The French have elected Emmanuel Macron, an outsider, without any established political party affiliation or backing, with few years of political experience, and also the youngest chief of state in the world grand democracies. France appears to have stemmed the Brexit and Trump populist tide by defeating Marine Le Pen, the leader of the extremist right wing party.

However there is no dancing the streets of Paris and other French cities.

Macron is applauded as saving France’s commitment to the European Union and international cooperation and as the courageous giant slayer, of not just the far right but the failed established political order. What's troubling, seen from Paris, is that he also is seriously shackled. This is because no established political party supported him and a major percentage of the electorate in the first round of the election favored other candidates. According to polls, voters voted for him as the lesser of two evils.

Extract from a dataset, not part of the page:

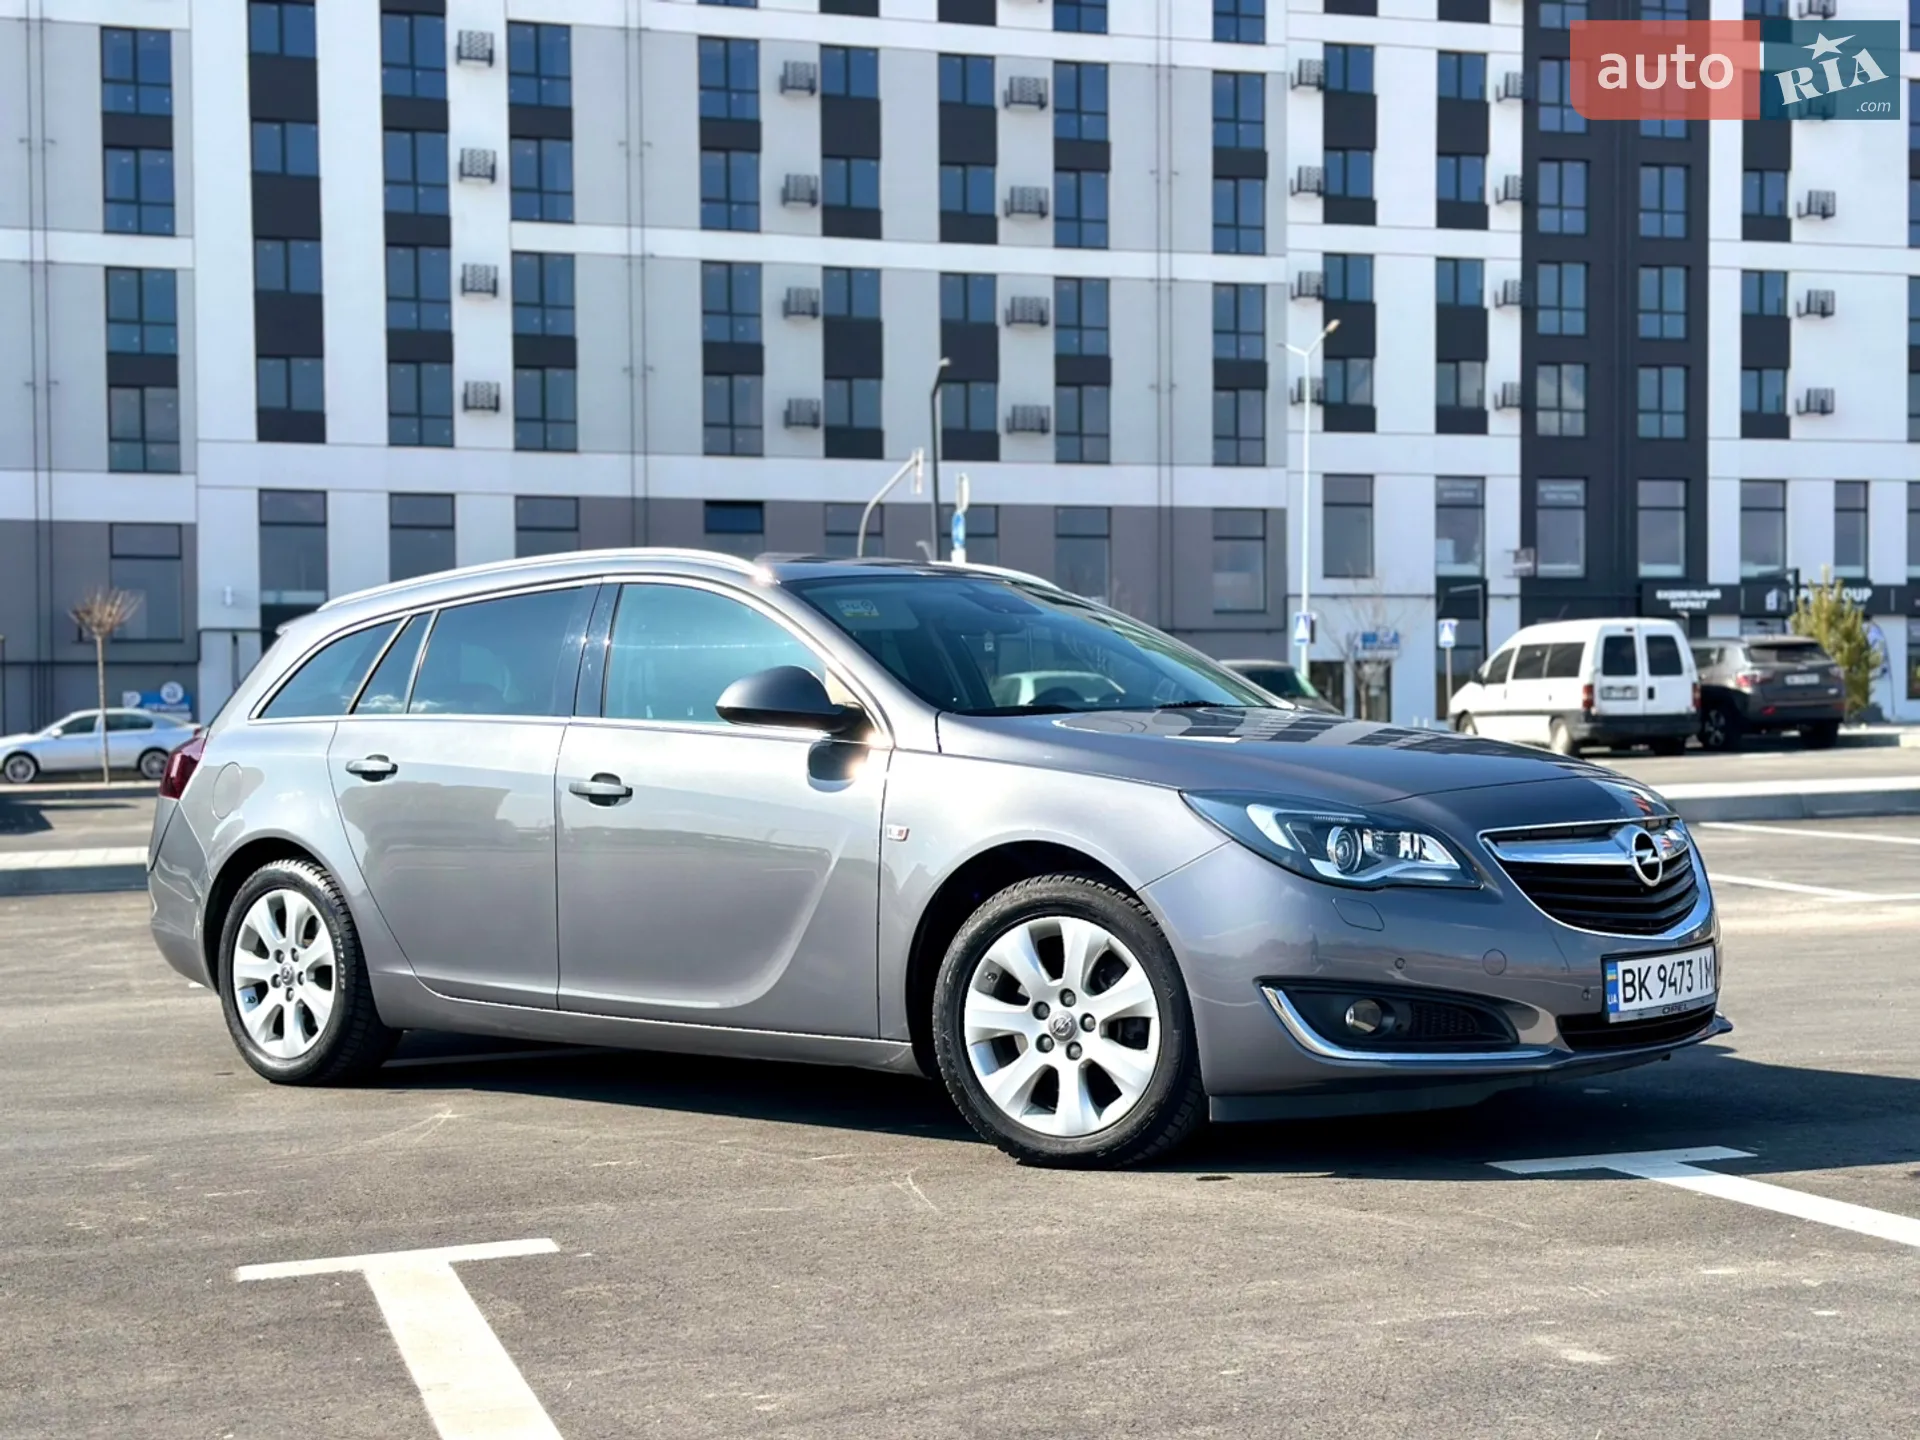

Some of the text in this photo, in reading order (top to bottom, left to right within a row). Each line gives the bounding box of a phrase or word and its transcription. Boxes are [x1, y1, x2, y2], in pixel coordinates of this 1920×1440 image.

How could it be that this attractive, brilliant political knight in shining armor is more acclaimed in the U.S. and outside France than by the French themselves?

The French have elected a centrist president but the country is divided by an attraction to extremists. The Left insists on maintaining government benefits and the million civil service jobs and are aggressively opposed to bringing deficit numbers in line with the EU and international banking standards. The moderate Right is convinced that France can only avoid economic and financial disaster if deficits are reigned in and employment created through liberalization of the economy. They emphasize that 14.5 million people out of the country's 28 million-strong workforce are — one way or another — making a living off taxpayers' money and that industry is leaving the country. Immigrants and Muslim sons and daughters of immigrants often live in ghetto-like suburbs and their youth are 45 percent unemployed.

So what we have is a centrist who believes he can go forward (his movement is “En Marche” or Onwards) without the support of either political tendency.

The question that dominates the public is whether in this somber political and social environment the new French president can somehow patch together a parliamentary majority by his simple intelligence and charisma.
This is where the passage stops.